_RECORDS PROVIDED_:
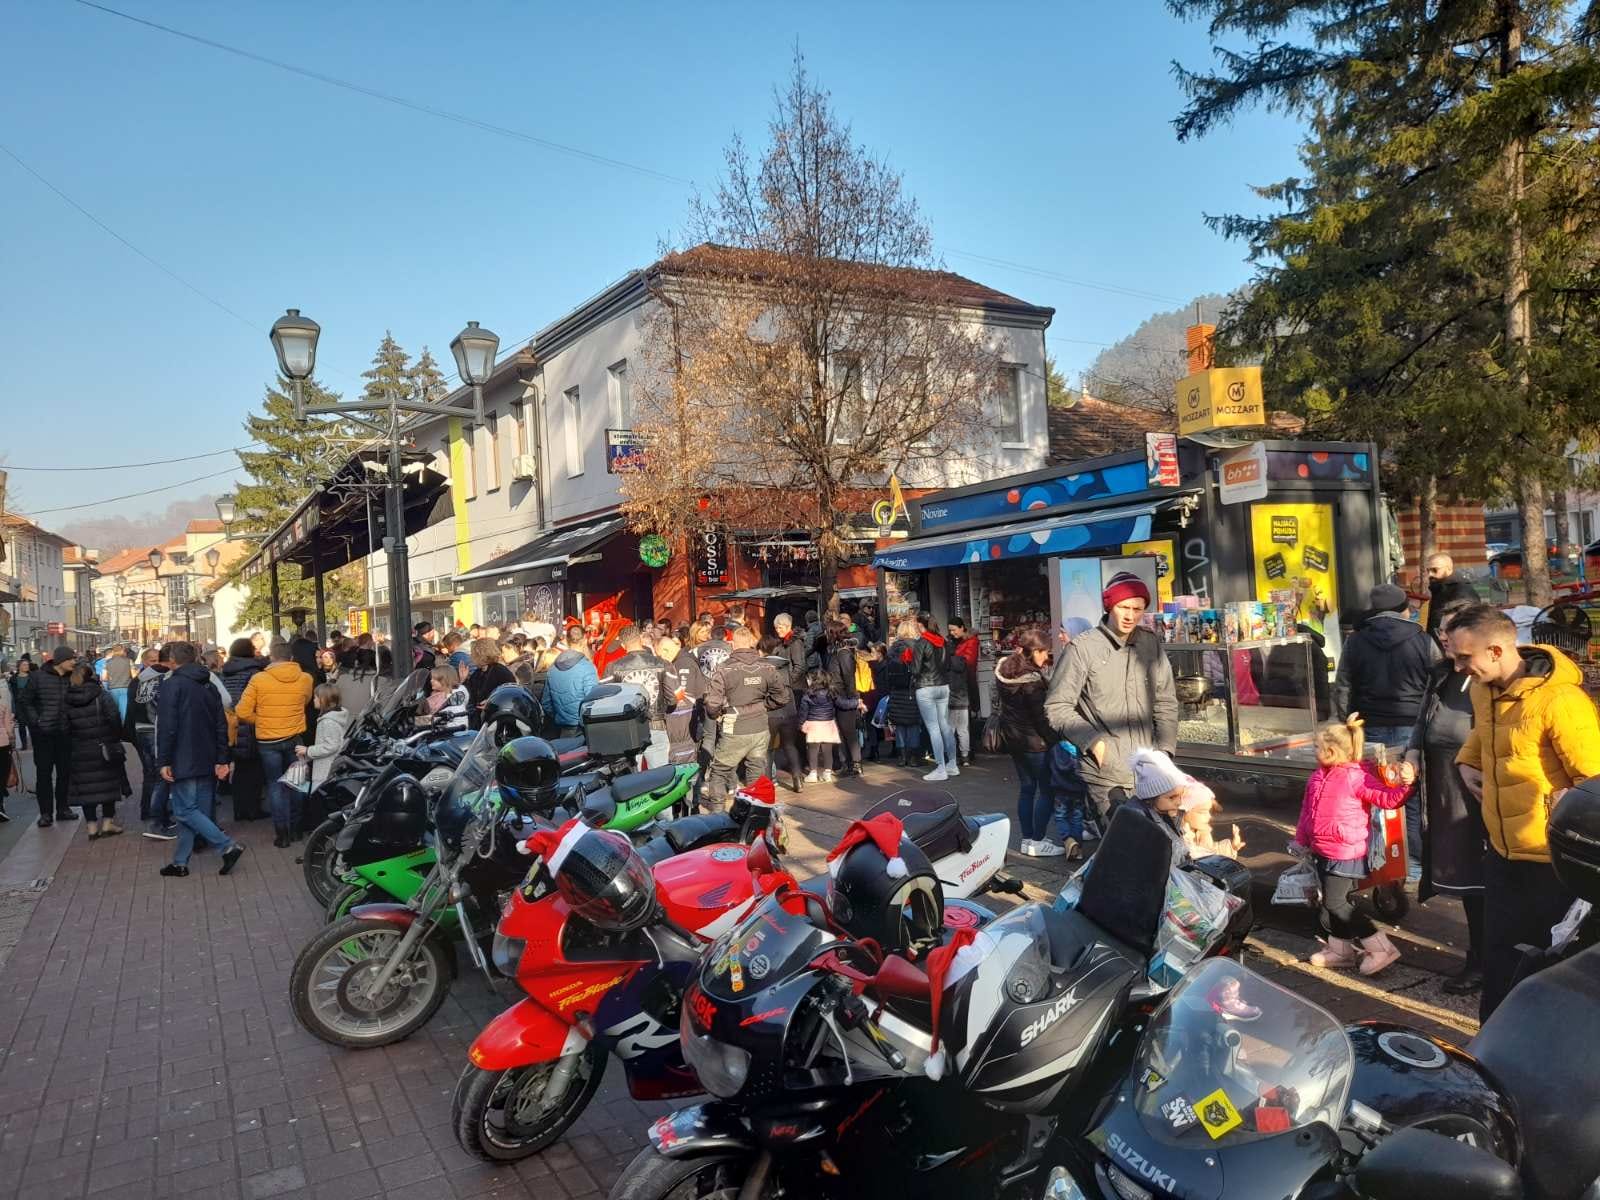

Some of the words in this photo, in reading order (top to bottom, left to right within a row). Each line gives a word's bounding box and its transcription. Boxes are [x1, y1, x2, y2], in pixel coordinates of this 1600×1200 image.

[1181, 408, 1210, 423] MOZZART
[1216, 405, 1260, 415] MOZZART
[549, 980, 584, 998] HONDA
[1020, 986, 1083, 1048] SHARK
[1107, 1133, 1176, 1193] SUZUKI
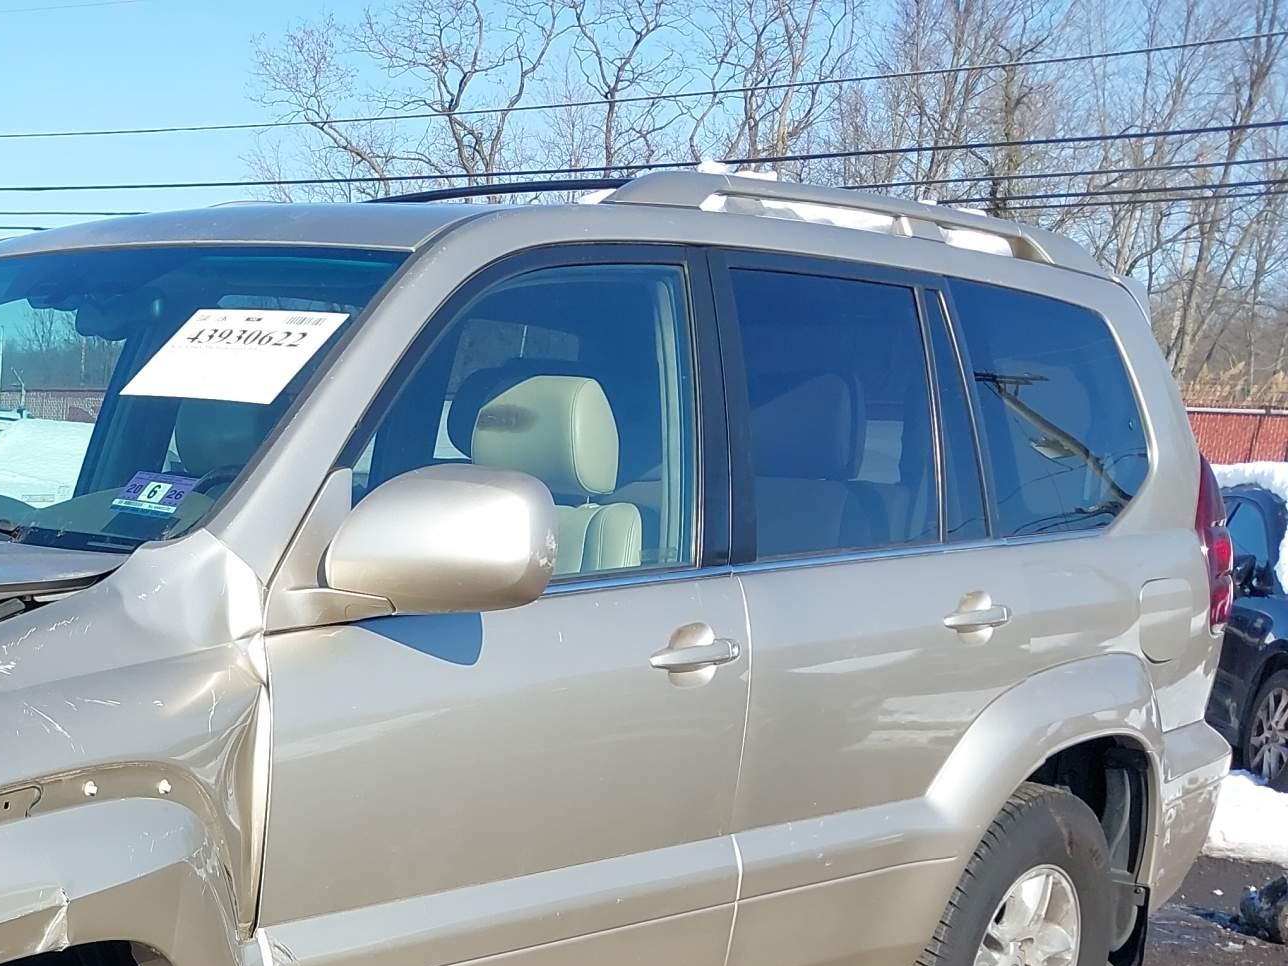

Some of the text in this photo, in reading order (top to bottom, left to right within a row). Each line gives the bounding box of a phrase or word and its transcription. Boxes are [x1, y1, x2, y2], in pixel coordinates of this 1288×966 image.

_EXERCISE GOAL_: Only the text of the records above is to be reproduced, exactly as given; the pictures are dropped.

_ANSWER AREA_:
Some of the words in this photo, in reading order (top to bottom, left to right within a row). Each line gives a word's bounding box and its transcription. Boxes are [x1, y1, x2, y2], in pixel coordinates of this 1600×1200 image.

[1181, 408, 1210, 423] MOZZART
[1216, 405, 1260, 415] MOZZART
[549, 980, 584, 998] HONDA
[1020, 986, 1083, 1048] SHARK
[1107, 1133, 1176, 1193] SUZUKI

Some of the text in this photo, in reading order (top to bottom, left to right within a row). Each line gives the bounding box of a phrase or word and its transcription. Boxes are [x1, y1, x2, y2], in pixel coordinates of this 1288×966 image.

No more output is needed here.